(Beginning of INPUT DATA)

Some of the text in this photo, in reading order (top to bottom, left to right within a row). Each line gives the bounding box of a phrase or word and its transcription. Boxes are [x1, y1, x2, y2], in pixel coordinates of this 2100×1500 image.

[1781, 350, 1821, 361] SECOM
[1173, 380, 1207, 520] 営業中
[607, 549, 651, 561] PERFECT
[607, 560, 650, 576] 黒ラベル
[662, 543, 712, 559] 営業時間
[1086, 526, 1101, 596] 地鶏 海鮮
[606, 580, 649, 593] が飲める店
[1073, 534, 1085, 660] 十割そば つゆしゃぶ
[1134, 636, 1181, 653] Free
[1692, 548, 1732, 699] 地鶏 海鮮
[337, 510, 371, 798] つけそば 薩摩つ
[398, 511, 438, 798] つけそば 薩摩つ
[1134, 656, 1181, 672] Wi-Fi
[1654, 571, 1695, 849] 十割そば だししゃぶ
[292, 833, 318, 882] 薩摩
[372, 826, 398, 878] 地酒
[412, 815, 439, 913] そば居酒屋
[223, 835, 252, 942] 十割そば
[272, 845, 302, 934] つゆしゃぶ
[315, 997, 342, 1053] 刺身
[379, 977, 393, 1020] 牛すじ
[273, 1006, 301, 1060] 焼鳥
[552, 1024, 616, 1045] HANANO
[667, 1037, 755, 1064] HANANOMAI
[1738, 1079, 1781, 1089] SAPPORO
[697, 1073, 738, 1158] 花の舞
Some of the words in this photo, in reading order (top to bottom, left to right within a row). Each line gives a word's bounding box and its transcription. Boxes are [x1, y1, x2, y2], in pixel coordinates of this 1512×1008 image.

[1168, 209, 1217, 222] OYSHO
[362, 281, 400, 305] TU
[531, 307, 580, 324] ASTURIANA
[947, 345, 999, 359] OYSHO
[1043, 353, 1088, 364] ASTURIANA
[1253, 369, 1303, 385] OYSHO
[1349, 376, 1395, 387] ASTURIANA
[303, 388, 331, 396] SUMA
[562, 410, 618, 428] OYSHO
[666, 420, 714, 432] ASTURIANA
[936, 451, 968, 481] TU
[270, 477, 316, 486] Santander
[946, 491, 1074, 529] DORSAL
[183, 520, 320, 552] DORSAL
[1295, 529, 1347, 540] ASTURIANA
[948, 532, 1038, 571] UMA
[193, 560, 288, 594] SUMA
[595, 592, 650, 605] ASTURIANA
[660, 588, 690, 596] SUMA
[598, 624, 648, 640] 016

(End of INPUT DATA)

### ASSIGNMENT
Would you please transcribe the records above in full and exactly?

### SOLUTION
Some of the text in this photo, in reading order (top to bottom, left to right within a row). Each line gives the bounding box of a phrase or word and its transcription. Boxes are [x1, y1, x2, y2], in pixel coordinates of this 2100×1500 image.

[1781, 350, 1821, 361] SECOM
[1173, 380, 1207, 520] 営業中
[607, 549, 651, 561] PERFECT
[607, 560, 650, 576] 黒ラベル
[662, 543, 712, 559] 営業時間
[1086, 526, 1101, 596] 地鶏 海鮮
[606, 580, 649, 593] が飲める店
[1073, 534, 1085, 660] 十割そば つゆしゃぶ
[1134, 636, 1181, 653] Free
[1692, 548, 1732, 699] 地鶏 海鮮
[337, 510, 371, 798] つけそば 薩摩つ
[398, 511, 438, 798] つけそば 薩摩つ
[1134, 656, 1181, 672] Wi-Fi
[1654, 571, 1695, 849] 十割そば だししゃぶ
[292, 833, 318, 882] 薩摩
[372, 826, 398, 878] 地酒
[412, 815, 439, 913] そば居酒屋
[223, 835, 252, 942] 十割そば
[272, 845, 302, 934] つゆしゃぶ
[315, 997, 342, 1053] 刺身
[379, 977, 393, 1020] 牛すじ
[273, 1006, 301, 1060] 焼鳥
[552, 1024, 616, 1045] HANANO
[667, 1037, 755, 1064] HANANOMAI
[1738, 1079, 1781, 1089] SAPPORO
[697, 1073, 738, 1158] 花の舞
Some of the words in this photo, in reading order (top to bottom, left to right within a row). Each line gives a word's bounding box and its transcription. Boxes are [x1, y1, x2, y2], in pixel coordinates of this 1512×1008 image.

[1168, 209, 1217, 222] OYSHO
[362, 281, 400, 305] TU
[531, 307, 580, 324] ASTURIANA
[947, 345, 999, 359] OYSHO
[1043, 353, 1088, 364] ASTURIANA
[1253, 369, 1303, 385] OYSHO
[1349, 376, 1395, 387] ASTURIANA
[303, 388, 331, 396] SUMA
[562, 410, 618, 428] OYSHO
[666, 420, 714, 432] ASTURIANA
[936, 451, 968, 481] TU
[270, 477, 316, 486] Santander
[946, 491, 1074, 529] DORSAL
[183, 520, 320, 552] DORSAL
[1295, 529, 1347, 540] ASTURIANA
[948, 532, 1038, 571] UMA
[193, 560, 288, 594] SUMA
[595, 592, 650, 605] ASTURIANA
[660, 588, 690, 596] SUMA
[598, 624, 648, 640] 016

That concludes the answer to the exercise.